The Minneapolis Plan to End Too Big to Fail

The Minneapolis Plan reduces the risk of financial crises and bailouts to as low as 9 percent, at only a modest economic cost relative to the typical cost of a banking crisis. We calculate that the current regulations put into place after the 2008 financial crisis reduced the 100-year chance of a bailout from 84 percent to 67 percent.

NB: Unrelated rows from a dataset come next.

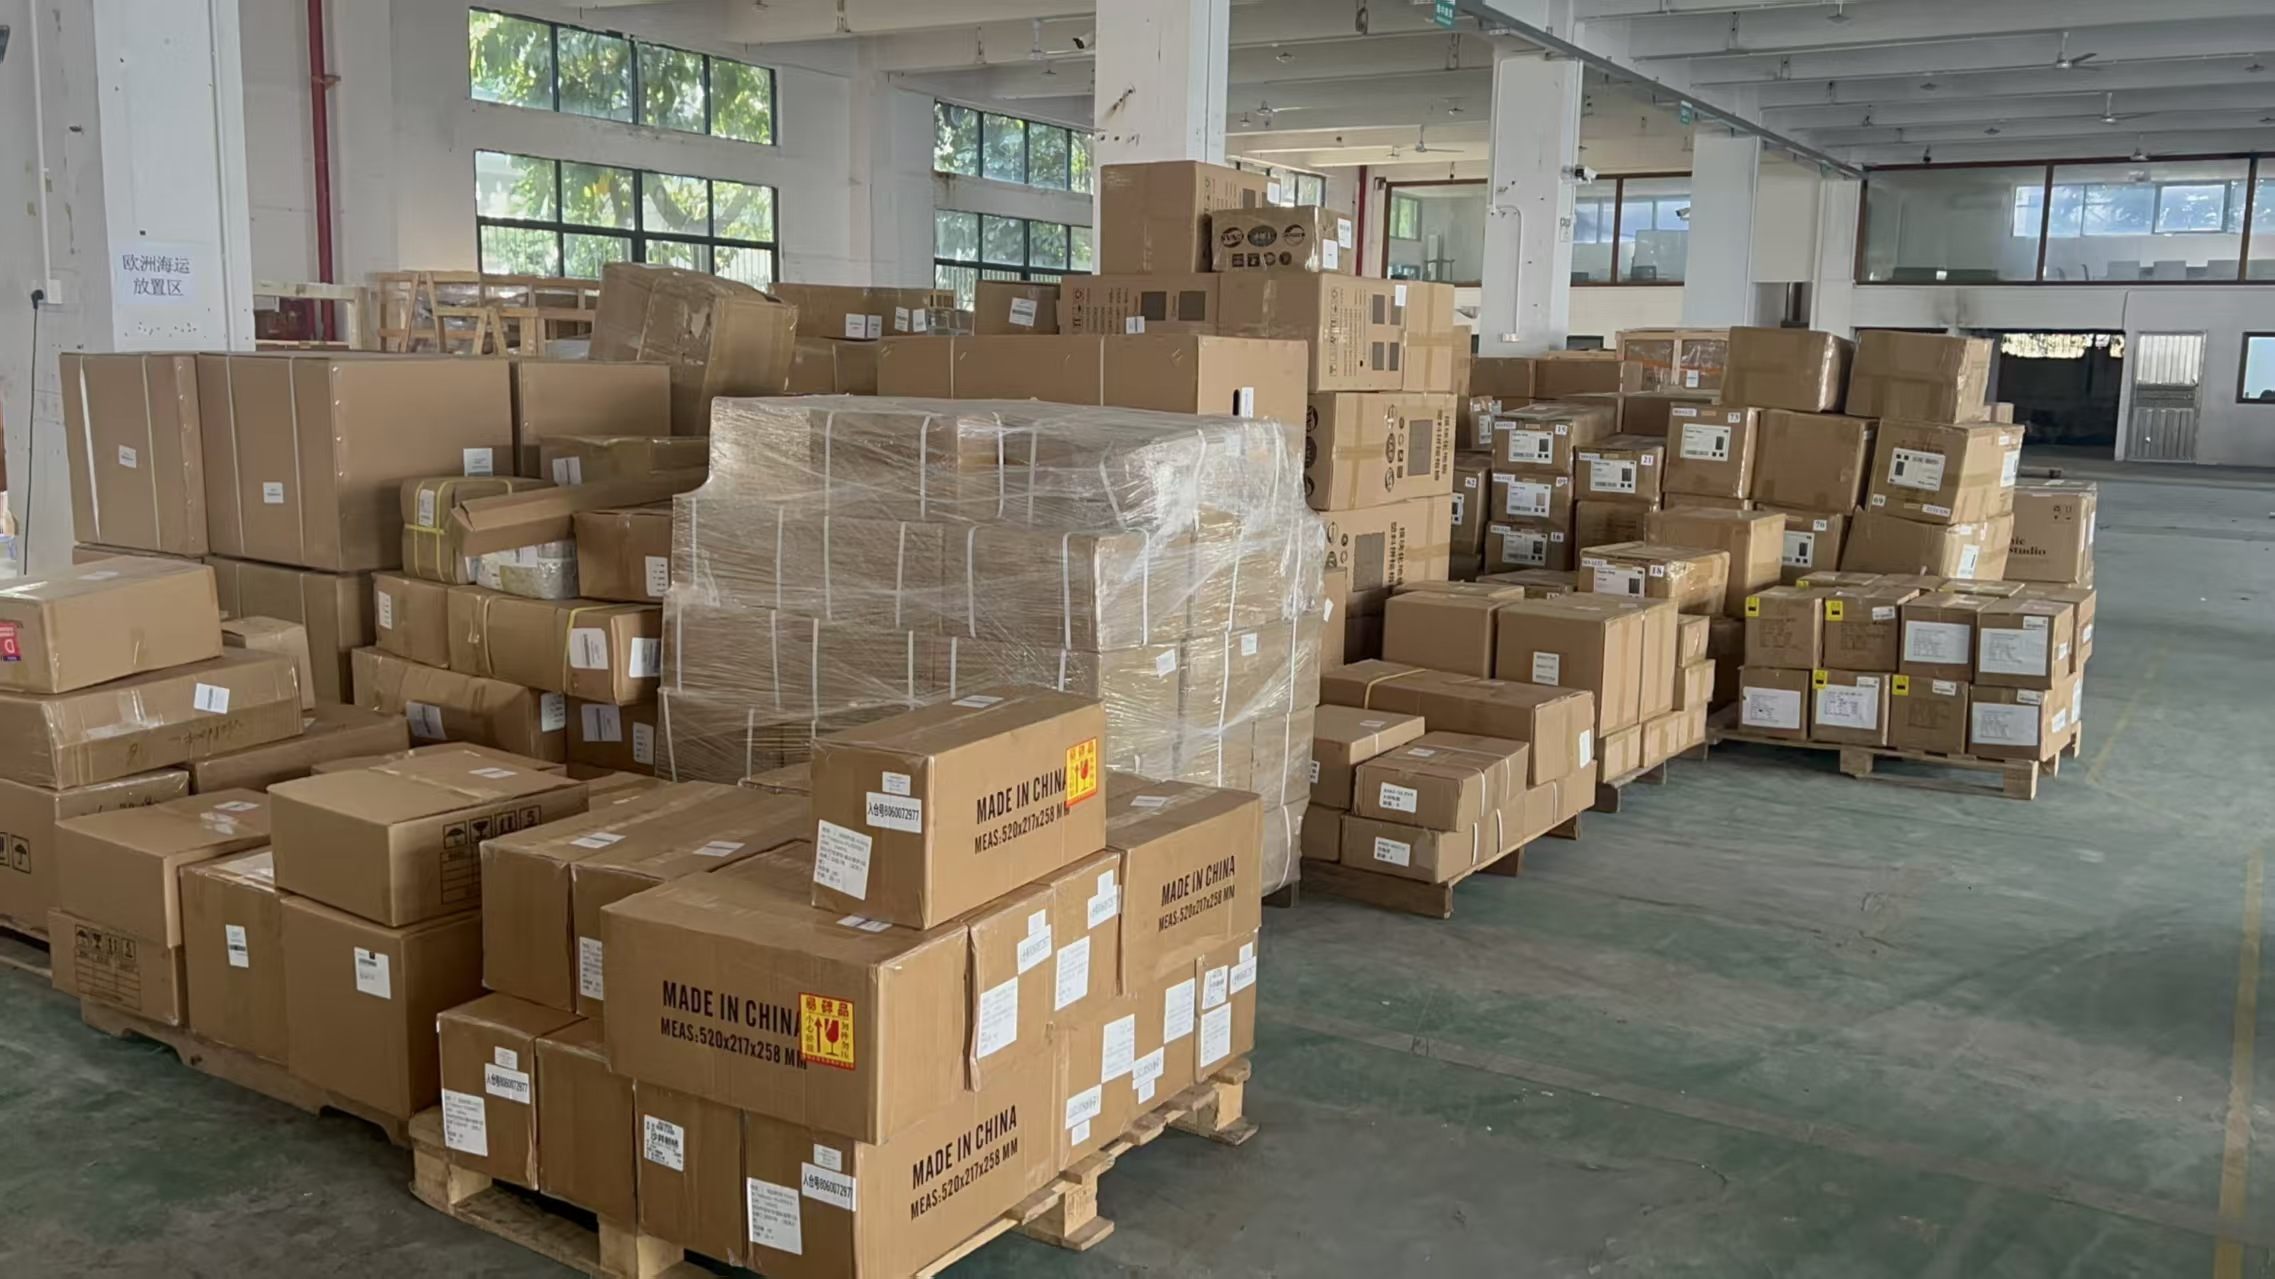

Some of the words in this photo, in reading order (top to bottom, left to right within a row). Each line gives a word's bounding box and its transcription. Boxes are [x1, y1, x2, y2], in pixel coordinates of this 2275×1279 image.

[122, 253, 191, 274] 欧洲海运
[133, 277, 184, 296] 放置区
[977, 786, 1012, 825] MADE
[1016, 780, 1029, 809] IN
[975, 805, 1055, 855] MEAS:520x217x258
[1161, 873, 1190, 907] MADE
[1192, 868, 1203, 893] IN
[1205, 855, 1235, 887] CHINA
[663, 980, 713, 1017] MADE
[720, 993, 739, 1024] IN
[661, 1017, 781, 1064] MEAS:520x217x258
[912, 1142, 953, 1190] MADE
[957, 1130, 971, 1163] IN
[975, 1104, 1017, 1150] CHINA
[910, 1147, 1001, 1220] MEAS:520x217x258
[1002, 1137, 1018, 1161] MM
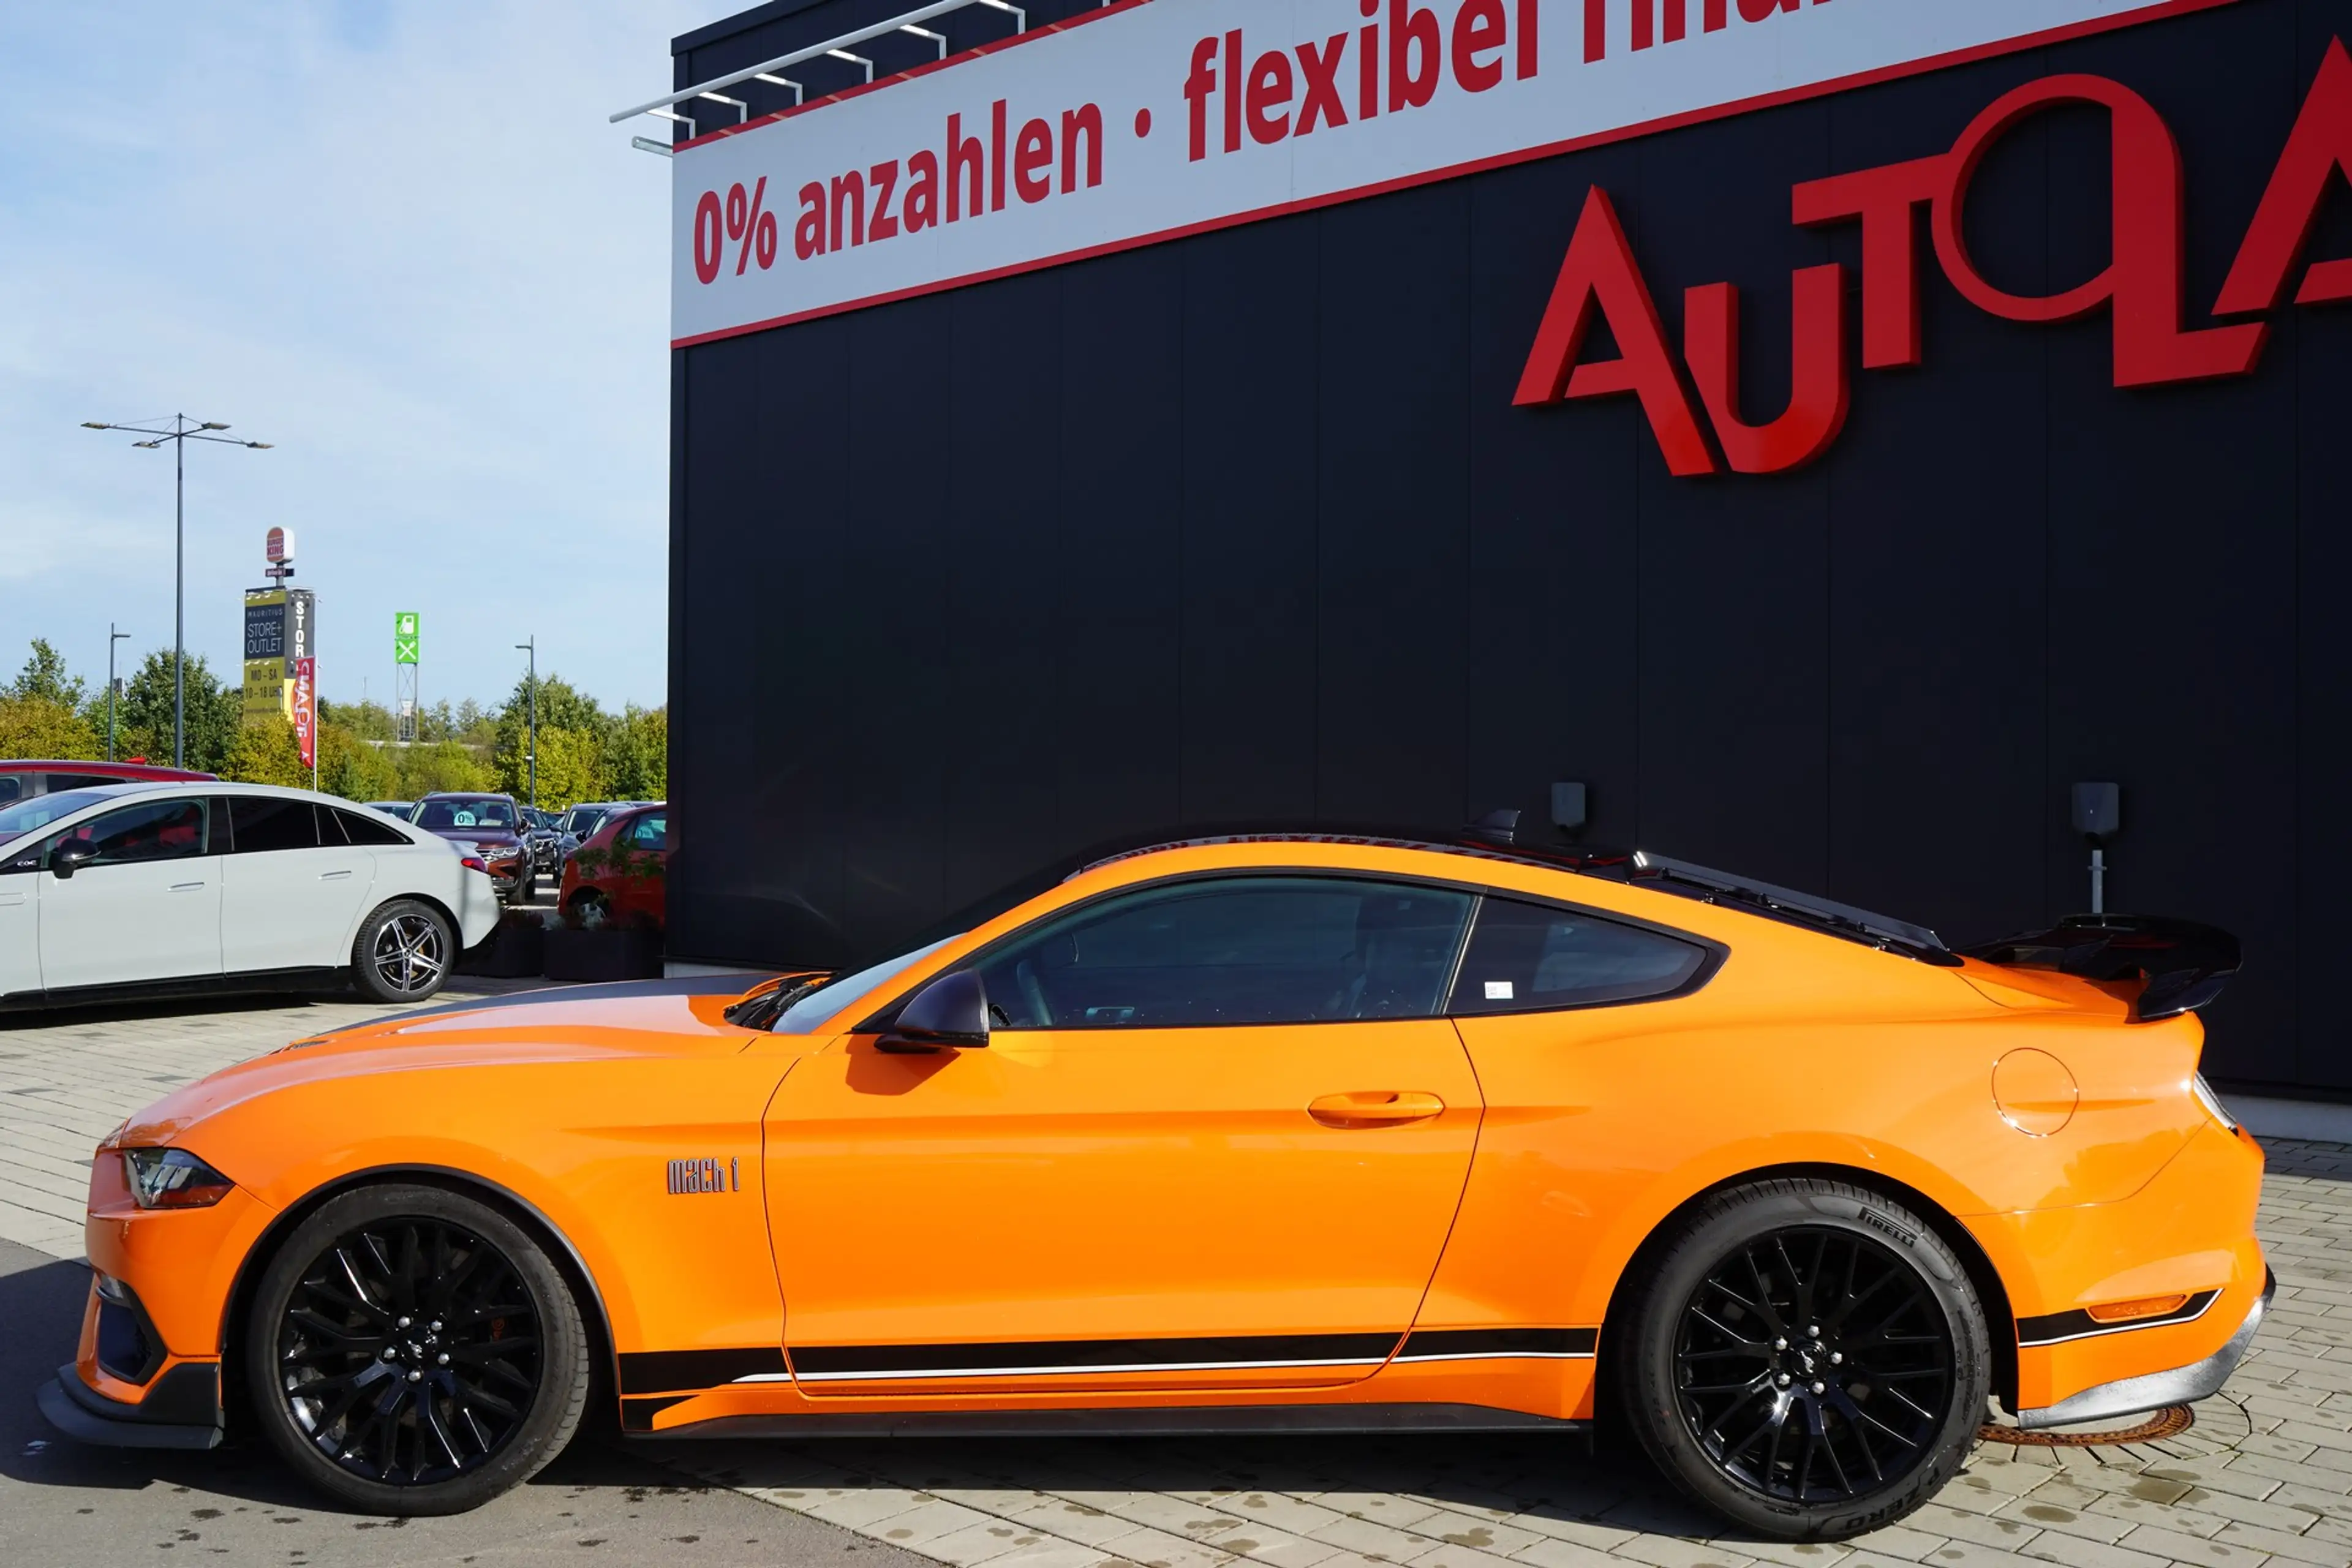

In sum, the Minneapolis Plan will (a) increase the minimum capital requirements for “covered banks” to 23.5 percent of risk weighted assets, (b) force covered banks to be no longer systemically important—as judged by the U.S. Treasury Secretary—or face a systemic risk charge (SRC), bringing their total capital up to a maximum of 38 percent over time, (c) impose a tax on the borrowings of shadow banks with assets over $50 billion of 1.2 percent for entities not considered systemically important by the Treasury Secretary and 2.2 percent for shadow banks that are systemically important, and (d) create a much simpler and less burdensome supervisory and regulatory regime for community banks. Covered banks and shadow banks will have five years after enactment of the minimum capital requirement and shadow bank tax to come into compliance. The assessment of systemic risk by the Treasury Secretary will begin at this five-year mark.